Challenges extended beyond LTSS resources
One executive identified challenge that extended beyond elderly access to LTSS. They spoke of housing challenges, rising costs and reduced inventory combined with stagnant wages: “There is virtually no affordable housing. When you look at healthcare provision, the actual folks who provide the care, they are in the category of needing portable housing or subsidized housing is gone. And yet, you have an aging population.” Adding “…the reality is that we (rural areas) are quickly running out of affordable housing as well. And, in terms of public transportation for those who find themselves without resources or diminishing resources, or needing transportation to see healthcare providers, that is a huge challenge in rural areas. We simply do not have the resources that are, for instance, in downtown Seattle and even Bellevue. So, you see all these converging factors and the resources to meet a growing population are diminishing. So, we have some great challenges in long-term care and supports.”
Workforce challenges and budget impacts on rural LTSS
Another theme at the regional level was unpredictability in the rural HCBS workforce, which made timely delivery of AAA organized services a challenge.
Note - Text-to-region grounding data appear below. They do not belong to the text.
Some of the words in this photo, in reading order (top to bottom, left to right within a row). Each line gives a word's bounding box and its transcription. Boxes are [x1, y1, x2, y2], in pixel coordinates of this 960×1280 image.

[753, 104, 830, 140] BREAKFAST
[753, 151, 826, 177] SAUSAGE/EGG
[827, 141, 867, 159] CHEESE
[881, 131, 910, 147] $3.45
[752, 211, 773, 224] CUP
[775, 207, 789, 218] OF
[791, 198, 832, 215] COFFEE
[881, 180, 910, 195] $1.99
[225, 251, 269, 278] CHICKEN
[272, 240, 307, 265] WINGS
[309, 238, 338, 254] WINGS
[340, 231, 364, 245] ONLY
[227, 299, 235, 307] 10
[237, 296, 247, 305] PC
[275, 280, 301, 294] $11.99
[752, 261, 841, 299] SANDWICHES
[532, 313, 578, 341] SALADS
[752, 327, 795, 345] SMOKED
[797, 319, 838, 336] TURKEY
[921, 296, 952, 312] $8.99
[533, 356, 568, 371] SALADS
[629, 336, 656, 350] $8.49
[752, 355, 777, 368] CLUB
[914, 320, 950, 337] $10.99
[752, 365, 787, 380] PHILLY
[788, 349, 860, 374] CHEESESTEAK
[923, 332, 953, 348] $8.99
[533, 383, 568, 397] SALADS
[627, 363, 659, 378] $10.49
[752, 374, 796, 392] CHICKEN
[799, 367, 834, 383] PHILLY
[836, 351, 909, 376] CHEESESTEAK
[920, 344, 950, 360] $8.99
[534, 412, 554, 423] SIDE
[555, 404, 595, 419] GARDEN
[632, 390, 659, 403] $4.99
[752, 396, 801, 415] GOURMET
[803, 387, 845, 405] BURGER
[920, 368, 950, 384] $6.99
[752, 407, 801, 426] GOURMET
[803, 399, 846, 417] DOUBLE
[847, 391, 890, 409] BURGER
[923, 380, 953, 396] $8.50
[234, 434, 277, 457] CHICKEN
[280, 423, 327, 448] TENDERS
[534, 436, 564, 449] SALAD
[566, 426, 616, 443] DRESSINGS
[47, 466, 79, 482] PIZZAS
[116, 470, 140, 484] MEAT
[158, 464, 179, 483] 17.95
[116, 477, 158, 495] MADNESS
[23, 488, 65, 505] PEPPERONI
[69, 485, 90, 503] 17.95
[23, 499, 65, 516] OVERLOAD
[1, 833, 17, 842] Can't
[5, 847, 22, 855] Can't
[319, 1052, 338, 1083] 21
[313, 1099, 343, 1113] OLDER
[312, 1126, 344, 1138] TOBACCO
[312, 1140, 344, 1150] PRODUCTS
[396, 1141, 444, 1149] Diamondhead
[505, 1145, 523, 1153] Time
One respondent offered, “There is a certain churn in that workforce…that does create a certain amount of angst and wear and tear, and sometimes gaps for a period for that given consumer—separate from their acuity level changes. I do not want to leave you with the impression that people are without service all the time. I am just saying that some people have unique needs that aren't going to get met locally.” Common concerns included already tight budgets, future cuts and service mandates that limited discretionary spending and program flexibility for rural areas. One executive expanded upon the unique challenges rural areas faced in adhering to DOH guidelines: “The differences between the I-5 Corridor and the Mid-Valley up in (City X). Most of the rules of the Department of Health apply to both. But again, the ability to meet those rules and regulations and how we adapt to them; is probably one of the greatest challenges that I think our association is certainly struggling to figure out how to do.”
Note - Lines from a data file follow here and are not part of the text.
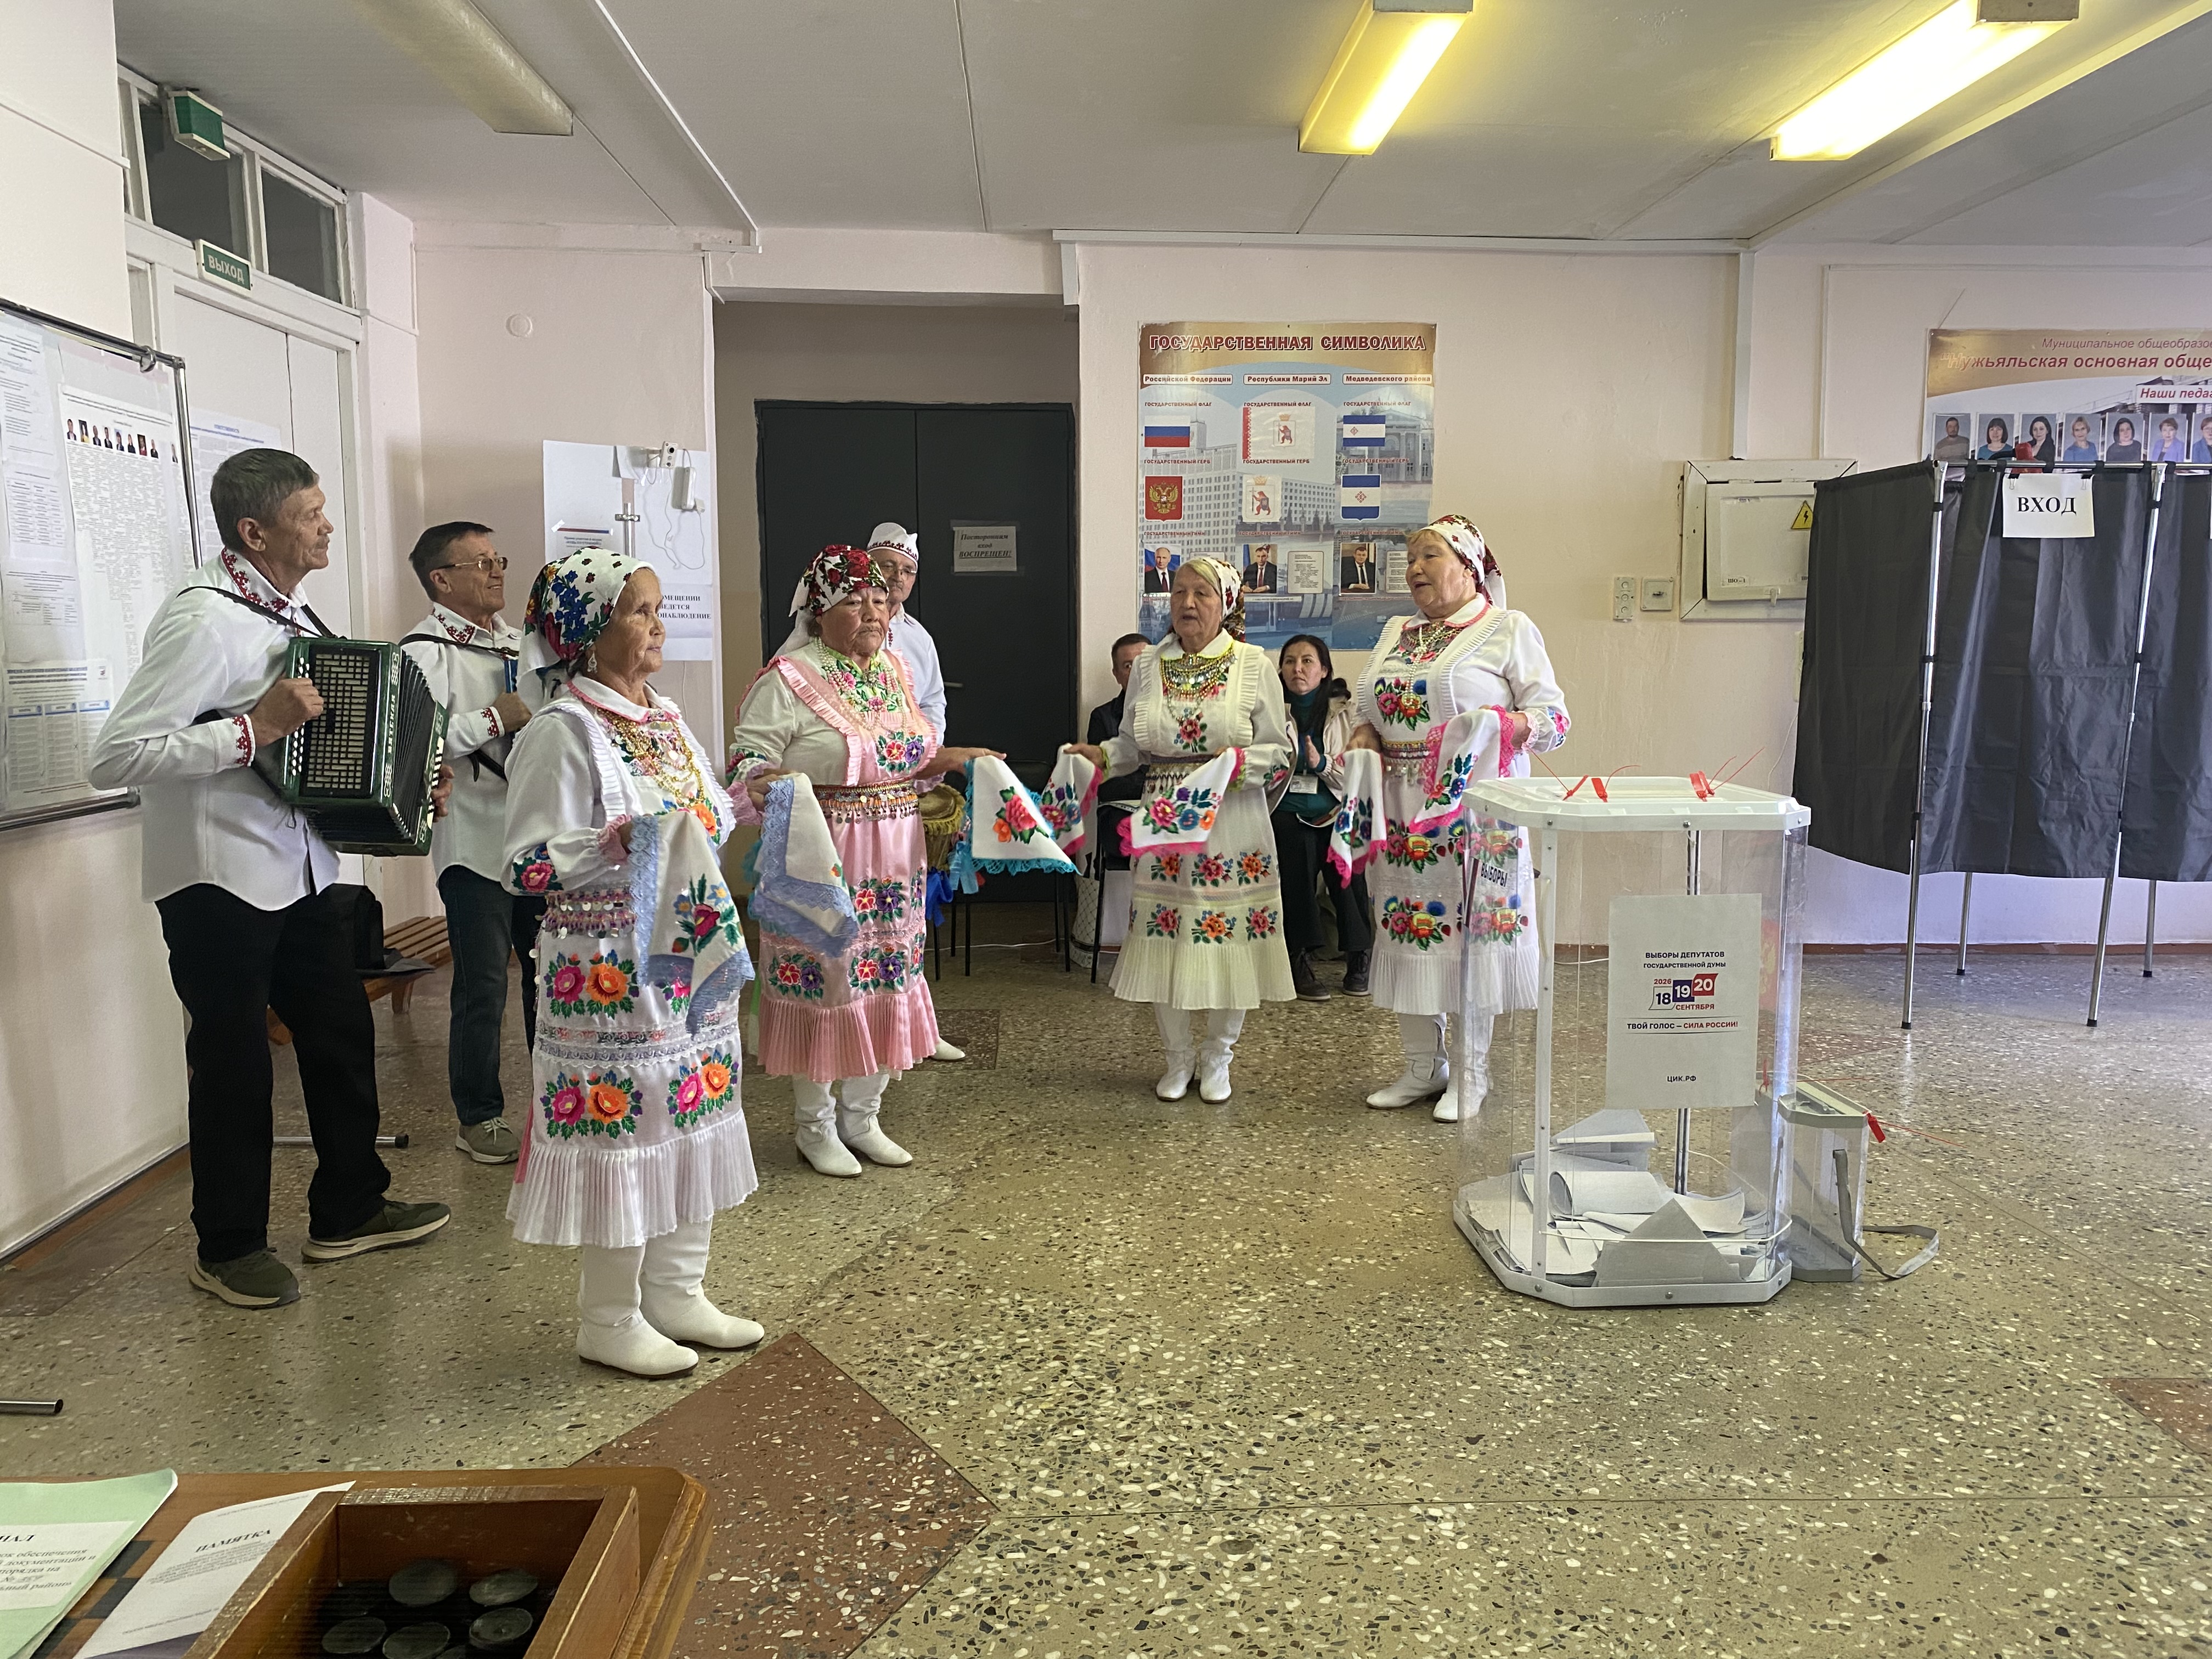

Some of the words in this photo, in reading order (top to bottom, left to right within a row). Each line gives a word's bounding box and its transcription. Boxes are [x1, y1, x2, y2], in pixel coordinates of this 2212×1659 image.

[207, 255, 245, 285] ВЫХОД
[1149, 335, 1313, 352] ГОСУДАРСТВЕННАЯ
[1320, 335, 1426, 351] СИМВОЛИКА
[2042, 338, 2135, 350] Муниципальное
[2073, 357, 2159, 368] основная
[2164, 353, 2212, 370] обще
[2140, 388, 2176, 398] Наши
[2017, 497, 2077, 516] ВХОД
[1481, 862, 1508, 887] ВЫБОРЫ
[1656, 992, 1671, 1005] 18
[1674, 985, 1691, 998] 19
[1694, 978, 1713, 991] 20
[195, 1529, 270, 1553] ПАМЯТКА
[3, 1556, 86, 1566] документации
[16, 1549, 88, 1558] обеспечения
A lack of confidence as a barrier to HCBS
Regional executives discussed why uptake of HCBS had failed to meet expectations. Among the already identified barriers, one executive commented anecdotally on the lack of confidence rural communities and their providers place in home health services, “I have felt that in many cases in rural areas there may be a lack of confidence of home health actually following through. And, I think in the medical community and the doctor's world, there is still situations where, when there is a lack of confidence on the part of the primary care doc or the hospitalist, that home health is really going to be able to follow through, on monitoring and managing on a skilled task on a discharge, that their impulse is to keep the person (as an) inpatient. Because they feel that the risk is managed better. And, if home health doesn't perform effectively…there is a reputation issue that primary care doesn't feel confidence in.”
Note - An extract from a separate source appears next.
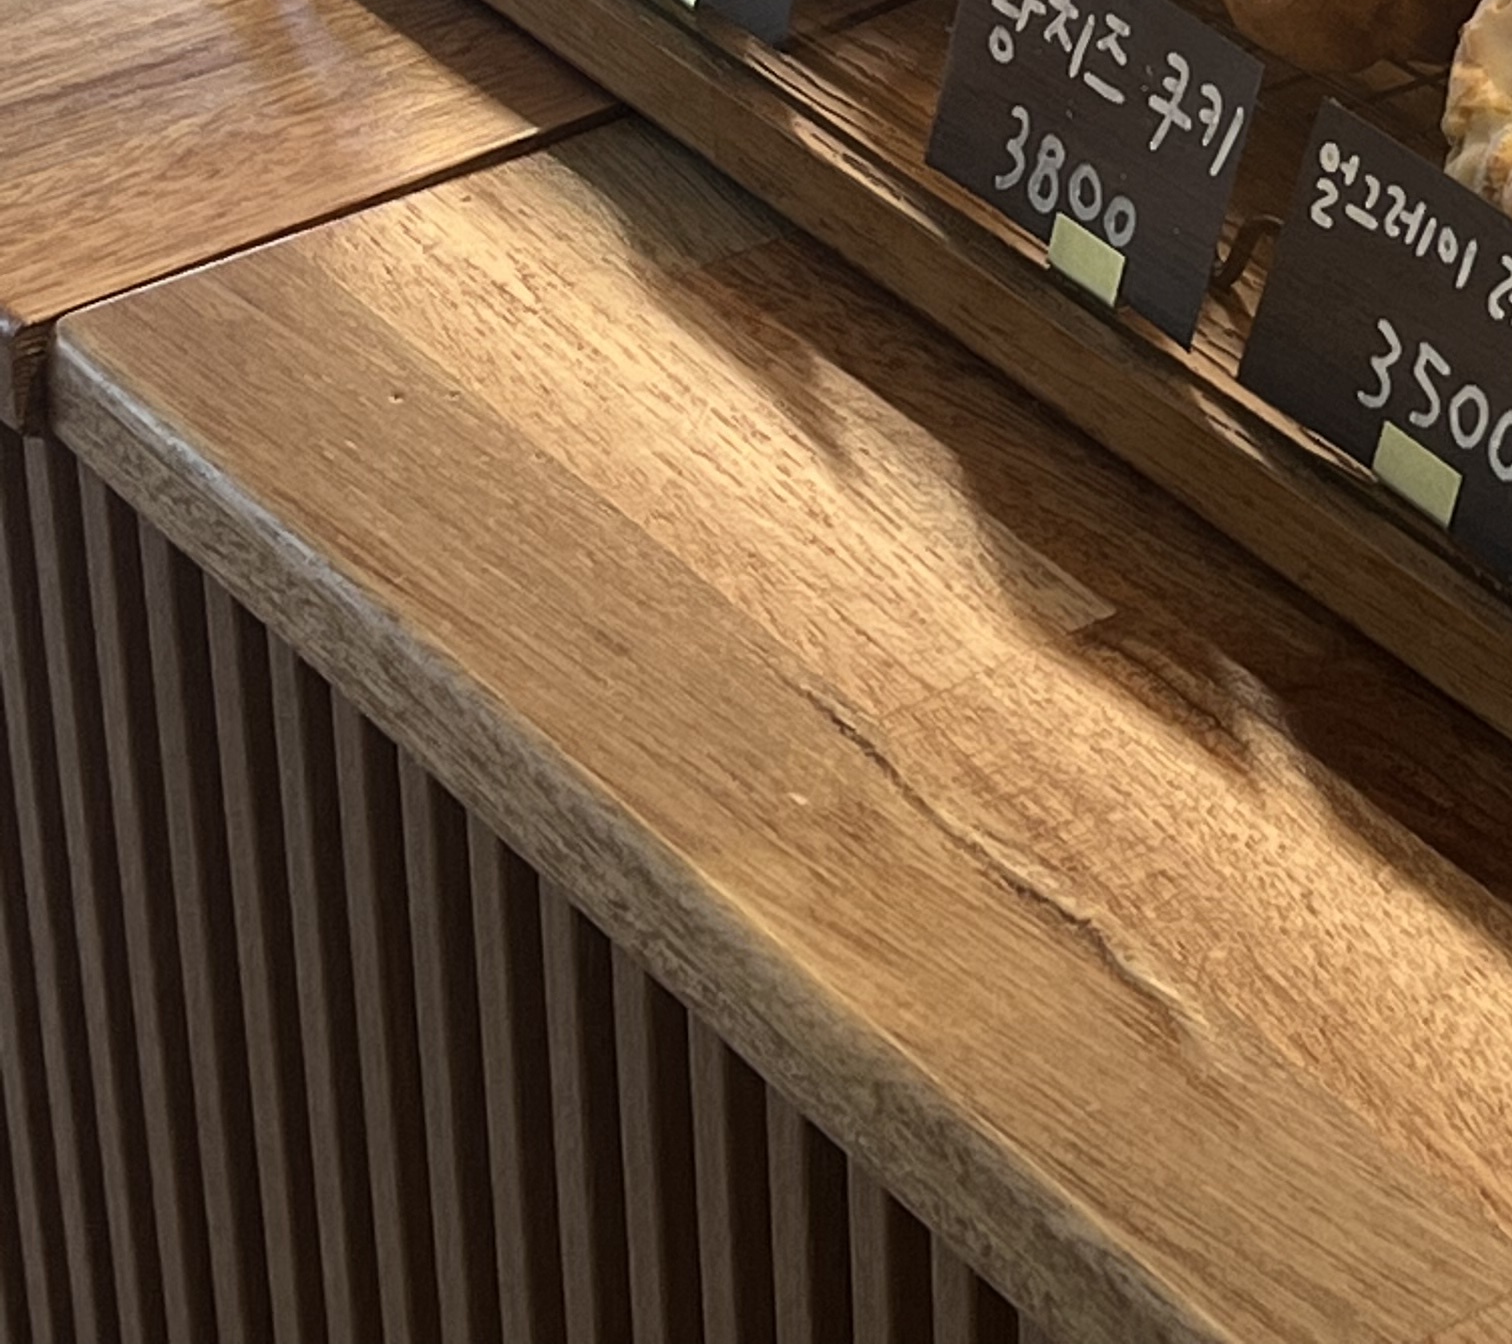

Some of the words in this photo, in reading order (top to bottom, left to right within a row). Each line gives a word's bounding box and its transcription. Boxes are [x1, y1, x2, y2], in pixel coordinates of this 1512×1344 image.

[994, 106, 1136, 247] 3800
[1149, 52, 1244, 176] 쿠키
[1310, 142, 1477, 289] 얼그레이
Continuing to state “…once that, that has been broken or not established, then there isn't confidence that service will be supported, and that patient will be well served. But the primary care still feels at risk about it and so they keep the patient in there [institution] until they feel confident that the discharge is going to hold water medically.”
State level study findings suggested that HCBS resources were available in rural Washington. From this analysis, themes involving data, ageism, and system re-design emerged. One advocate spoke of access and anecdotal evidence of inconsistencies in data: “…When we look at the larger map of the State, I think we absolutely feel comfortable that there is access to (LTSS) services. Not nearly as much as we would like as a State, but we understand that in order to provide the access that everyone feels would be adequate it would probably double or triple our actual budget or something...When State officials are saying it’s probably not that big of a deal, it’s probably the viewpoint that as a whole the system is actually doing really well, especially when compared to other States. But, that means absolutely nothing if you are in a smaller community and all you see is a single resource and it is either overworked, or not available to you, or it is not the resource you actually want. I would guess it’s just different levels of perspective based on where you are actually sitting in the system.”
State officials perceived cultural competency, ageism, and racism to pose serious challenges for equitable access in rural communities. Concerns about cronyism and organizational conflicts were raised as significant barriers to future collaborative efforts and LTSS delivery system redesign across organizations and levels in particular, “...we have seen some pretty intense disasters from these boards (PHD Commissioners). Capricious firing of CEOs is one example, because they are scaring the board, because they are talking about the future. So, these boards of the PHD don't necessarily have modern thought about health care systems or aging systems. If it (service hub, new LTSS model were) to land there, they would need an enormous amount of training and facilitation of discussion. The lever for them…is they want to please their community. They don't want anybody to meet them at church on Sunday and say, ‘What the heck are you doing?’” Adding, “…there is a community engagement piece that may wrap around that and make it more feasible for a PHD.” State officials felt that communities supported any efforts that enabled family members to remain in their communities as they aged. Yet, AAAs and providers needed to collaborate for the purpose of integrating knowledge. There was recognition that for a new system to work, one entity had to take ownership of the effort; however, such ownership was likely better suited to a third-party entity rather than using local PHDs or regional AAAs. The reason was that PHDs needed to change their operational focus to realize, “…a very intentional integration of the aging spectrum of services and the Triple A influence.”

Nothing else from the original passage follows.